Required action
Could you write out every entry exactly as it stands?

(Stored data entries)
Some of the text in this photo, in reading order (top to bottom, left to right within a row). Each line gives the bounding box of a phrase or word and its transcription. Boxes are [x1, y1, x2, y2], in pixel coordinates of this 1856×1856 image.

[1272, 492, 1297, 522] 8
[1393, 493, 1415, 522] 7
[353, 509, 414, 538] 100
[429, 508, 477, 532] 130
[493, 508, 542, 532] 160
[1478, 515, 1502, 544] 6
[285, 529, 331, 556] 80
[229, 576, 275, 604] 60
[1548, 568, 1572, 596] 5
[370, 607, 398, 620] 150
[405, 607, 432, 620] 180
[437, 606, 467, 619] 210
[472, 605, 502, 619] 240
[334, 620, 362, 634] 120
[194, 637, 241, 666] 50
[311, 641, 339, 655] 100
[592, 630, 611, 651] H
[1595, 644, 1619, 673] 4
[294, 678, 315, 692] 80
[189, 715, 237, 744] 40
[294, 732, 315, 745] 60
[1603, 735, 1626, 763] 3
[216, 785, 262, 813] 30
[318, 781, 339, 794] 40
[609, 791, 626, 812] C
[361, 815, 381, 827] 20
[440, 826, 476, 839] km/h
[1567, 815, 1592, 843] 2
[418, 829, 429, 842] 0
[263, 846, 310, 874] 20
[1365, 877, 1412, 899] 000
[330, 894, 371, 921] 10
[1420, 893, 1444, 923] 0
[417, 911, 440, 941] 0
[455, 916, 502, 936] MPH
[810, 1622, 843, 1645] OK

Response box
Some of the text in this photo, in reading order (top to bottom, left to right within a row). Each line gives the bounding box of a phrase or word and its transcription. Boxes are [x1, y1, x2, y2], in pixel coordinates of this 1856×1856 image.

[1272, 492, 1297, 522] 8
[1393, 493, 1415, 522] 7
[353, 509, 414, 538] 100
[429, 508, 477, 532] 130
[493, 508, 542, 532] 160
[1478, 515, 1502, 544] 6
[285, 529, 331, 556] 80
[229, 576, 275, 604] 60
[1548, 568, 1572, 596] 5
[370, 607, 398, 620] 150
[405, 607, 432, 620] 180
[437, 606, 467, 619] 210
[472, 605, 502, 619] 240
[334, 620, 362, 634] 120
[194, 637, 241, 666] 50
[311, 641, 339, 655] 100
[592, 630, 611, 651] H
[1595, 644, 1619, 673] 4
[294, 678, 315, 692] 80
[189, 715, 237, 744] 40
[294, 732, 315, 745] 60
[1603, 735, 1626, 763] 3
[216, 785, 262, 813] 30
[318, 781, 339, 794] 40
[609, 791, 626, 812] C
[361, 815, 381, 827] 20
[440, 826, 476, 839] km/h
[1567, 815, 1592, 843] 2
[418, 829, 429, 842] 0
[263, 846, 310, 874] 20
[1365, 877, 1412, 899] 000
[330, 894, 371, 921] 10
[1420, 893, 1444, 923] 0
[417, 911, 440, 941] 0
[455, 916, 502, 936] MPH
[810, 1622, 843, 1645] OK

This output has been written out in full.